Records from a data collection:
--

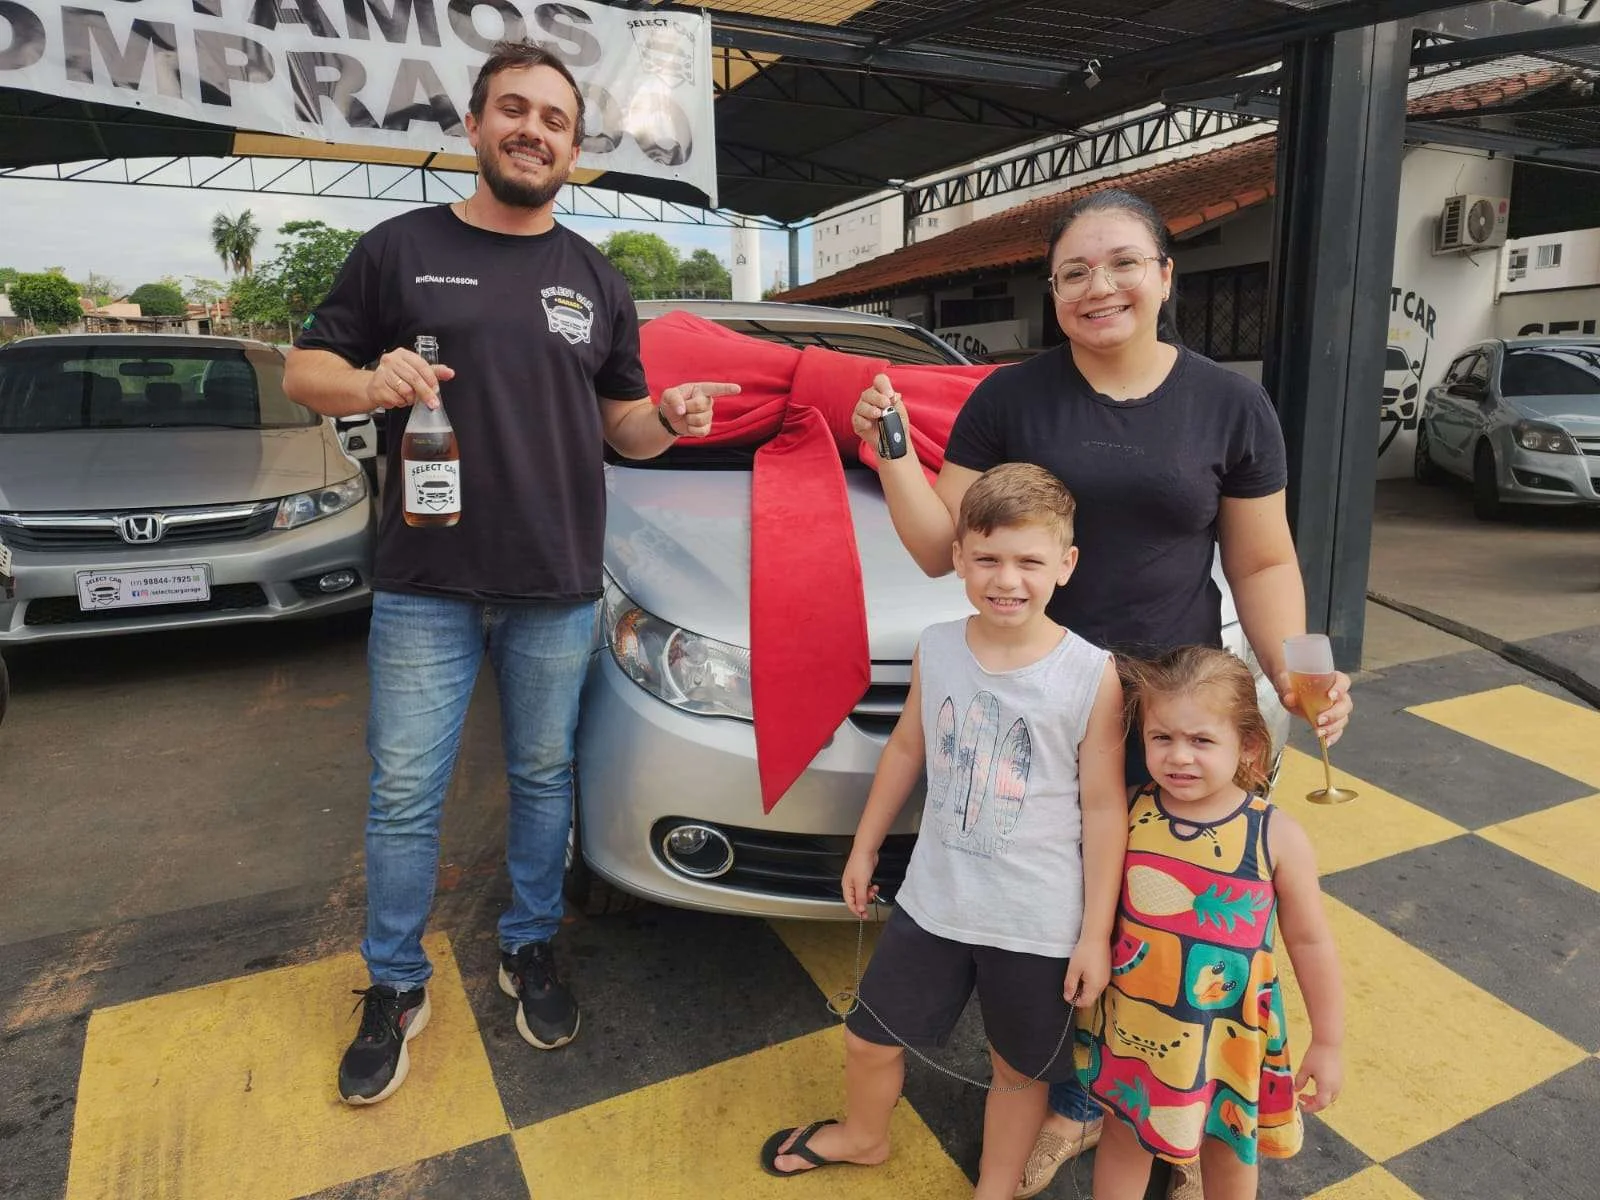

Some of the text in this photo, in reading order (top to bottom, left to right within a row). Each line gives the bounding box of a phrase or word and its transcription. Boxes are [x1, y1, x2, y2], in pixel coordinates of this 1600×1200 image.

[627, 18, 668, 29] SELECT
[415, 274, 445, 284] RHENAN
[1403, 291, 1437, 340] CAR
[411, 463, 442, 477] SELECT
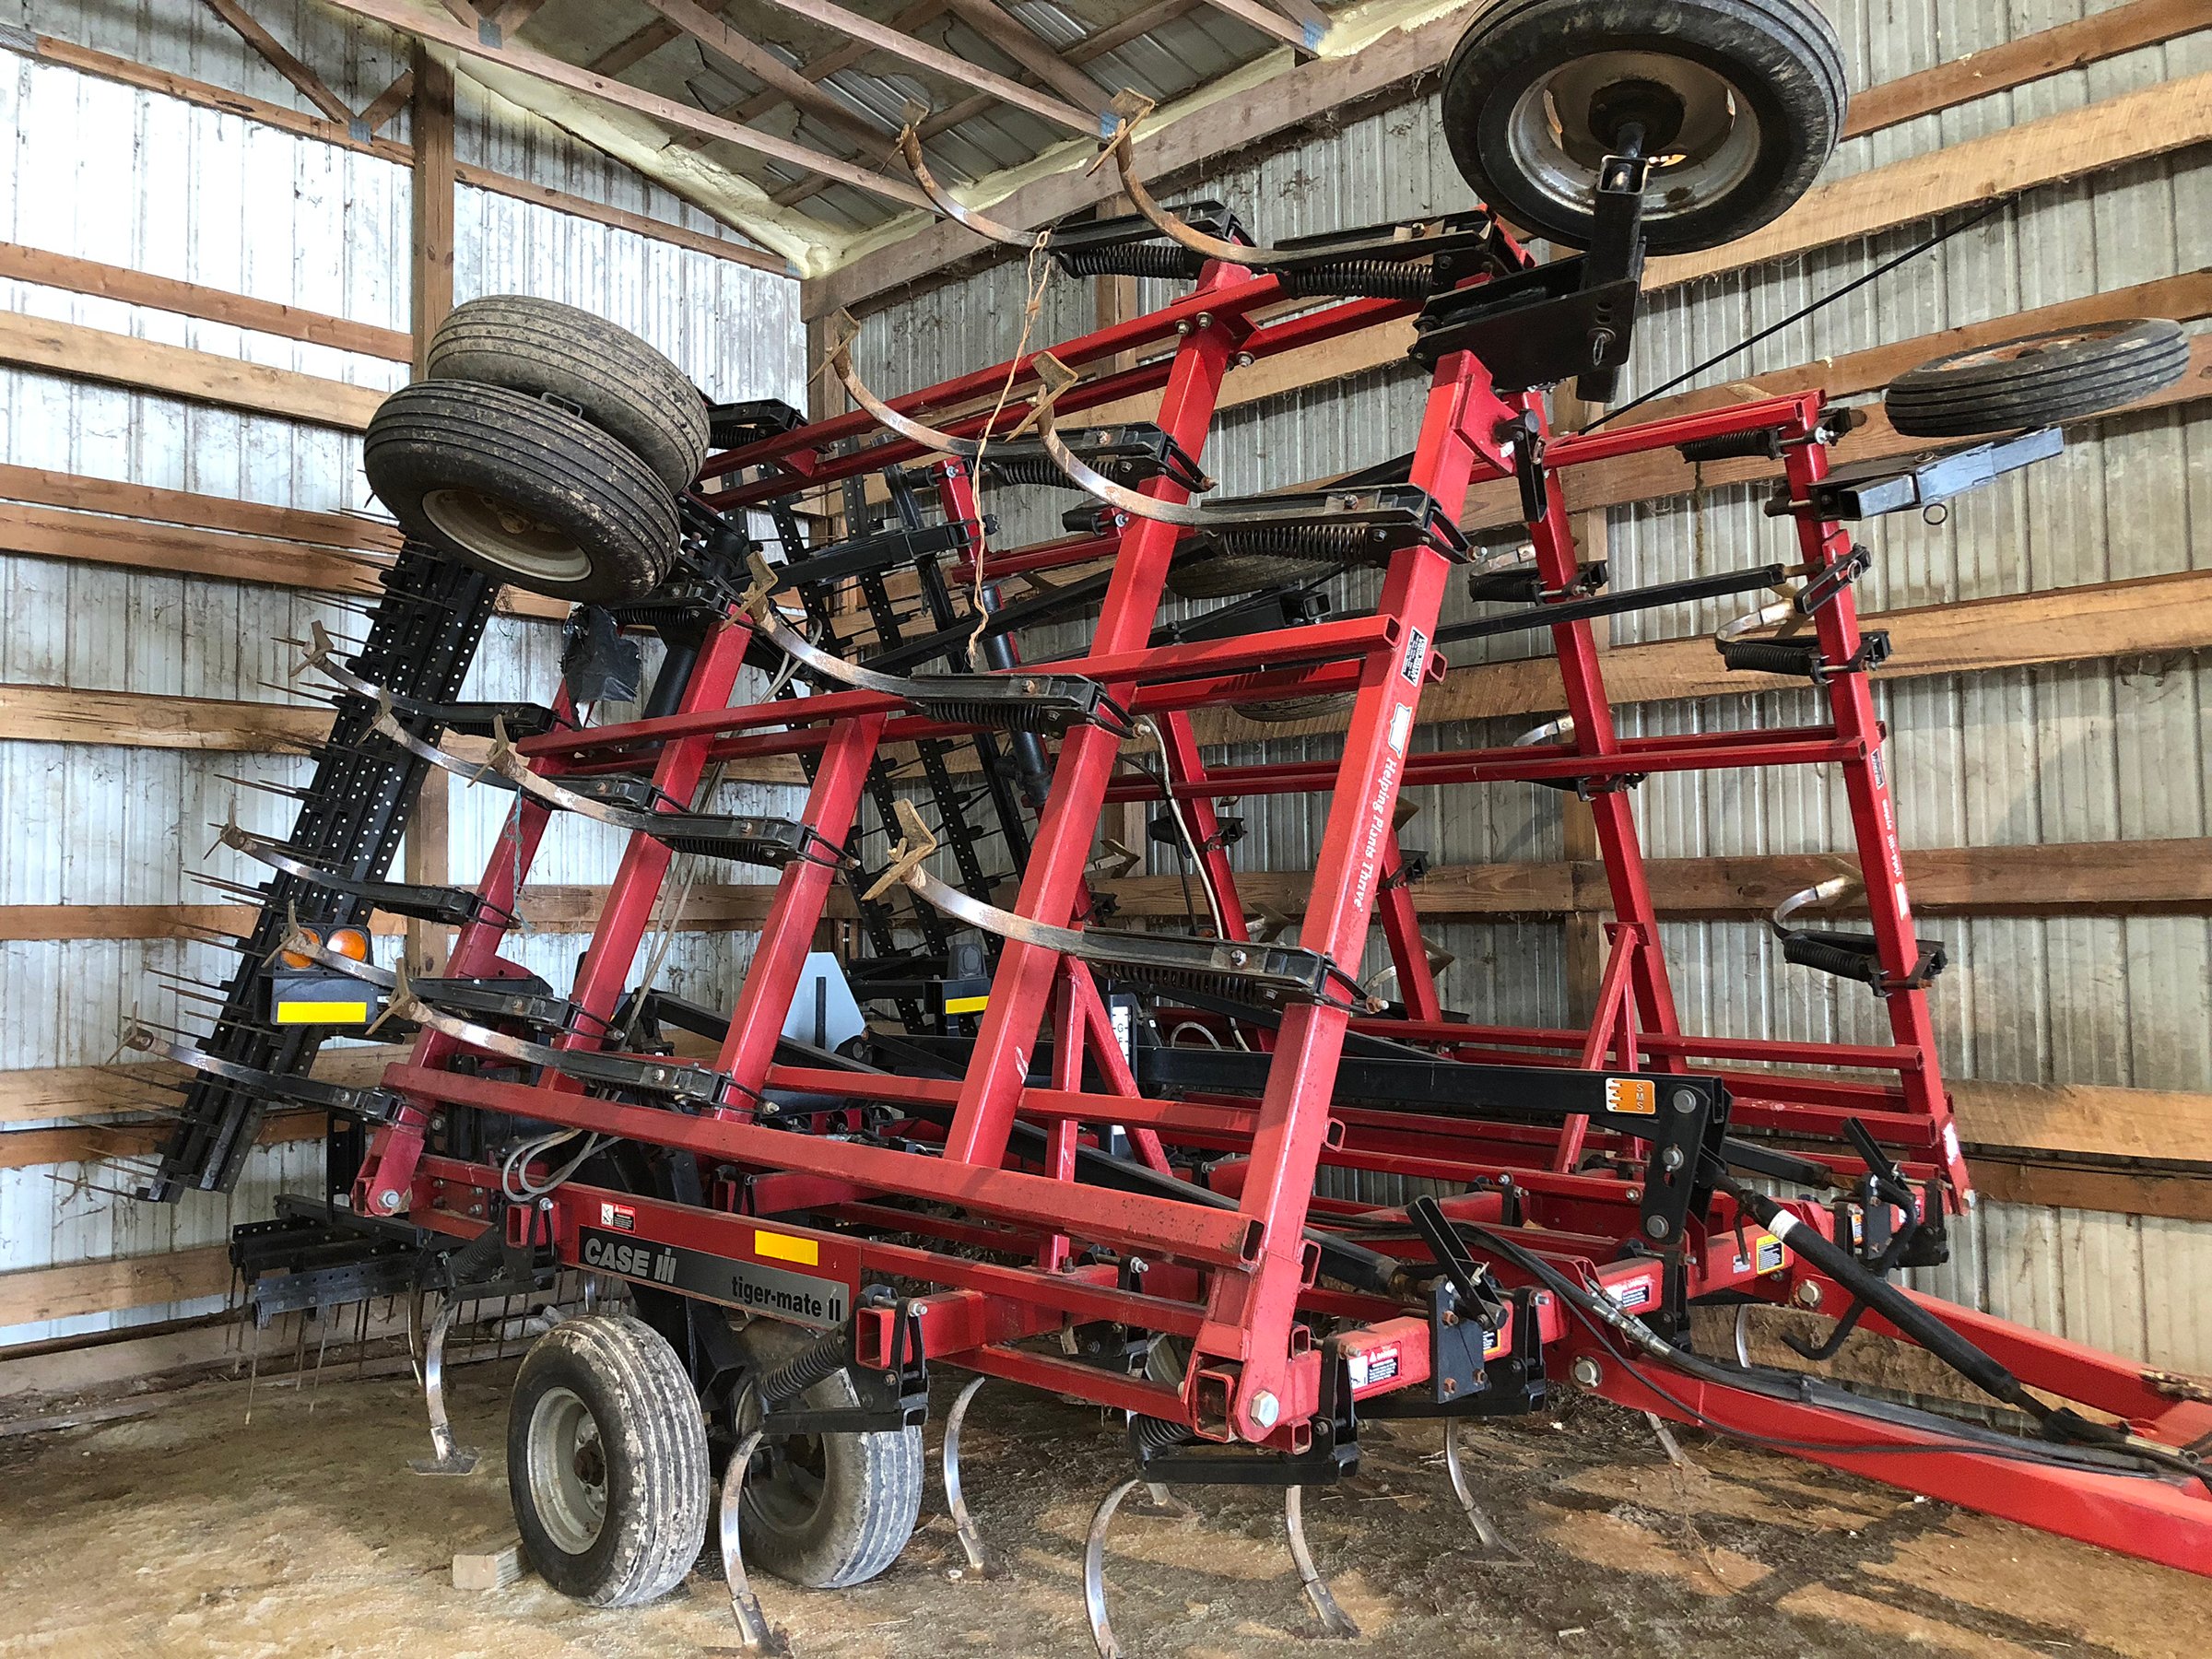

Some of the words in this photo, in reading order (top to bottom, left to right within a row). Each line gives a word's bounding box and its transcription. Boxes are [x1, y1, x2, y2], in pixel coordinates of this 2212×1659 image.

[1371, 757, 1397, 815] Helping
[1365, 814, 1385, 858] Plants
[1117, 1023, 1124, 1032] G
[584, 1238, 651, 1277] CASE
[731, 1276, 822, 1317] tiger-mate
[828, 1298, 841, 1322] II
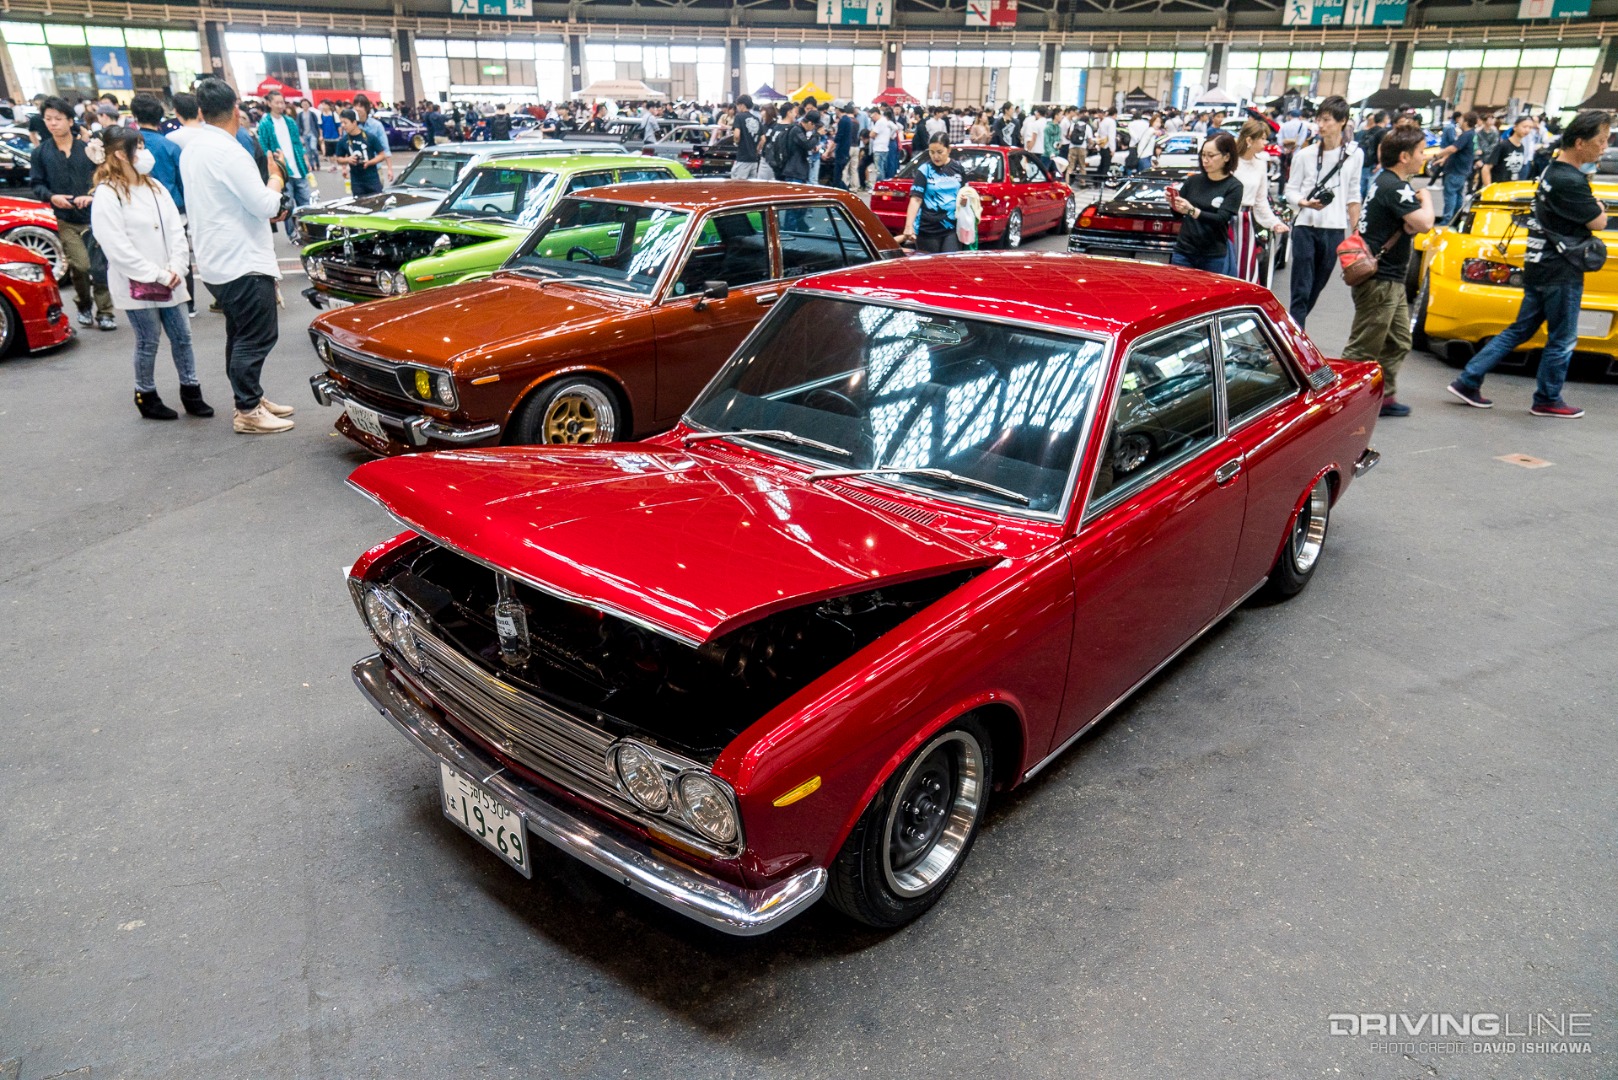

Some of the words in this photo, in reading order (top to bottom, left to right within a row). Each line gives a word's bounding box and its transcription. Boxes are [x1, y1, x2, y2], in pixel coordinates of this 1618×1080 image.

[483, 4, 501, 15] Exit
[1322, 14, 1341, 25] Exit
[402, 62, 411, 72] 27
[1600, 73, 1613, 84] 34
[461, 796, 524, 866] 19-69

--

**Instructions for the task**
Give back, unchanged, every line from the one with "this 1618×1080 image." to the end of the entries above.

**Solution to the problem**
Some of the words in this photo, in reading order (top to bottom, left to right within a row). Each line gives a word's bounding box and its transcription. Boxes are [x1, y1, x2, y2], in pixel coordinates of this 1618×1080 image.

[483, 4, 501, 15] Exit
[1322, 14, 1341, 25] Exit
[402, 62, 411, 72] 27
[1600, 73, 1613, 84] 34
[461, 796, 524, 866] 19-69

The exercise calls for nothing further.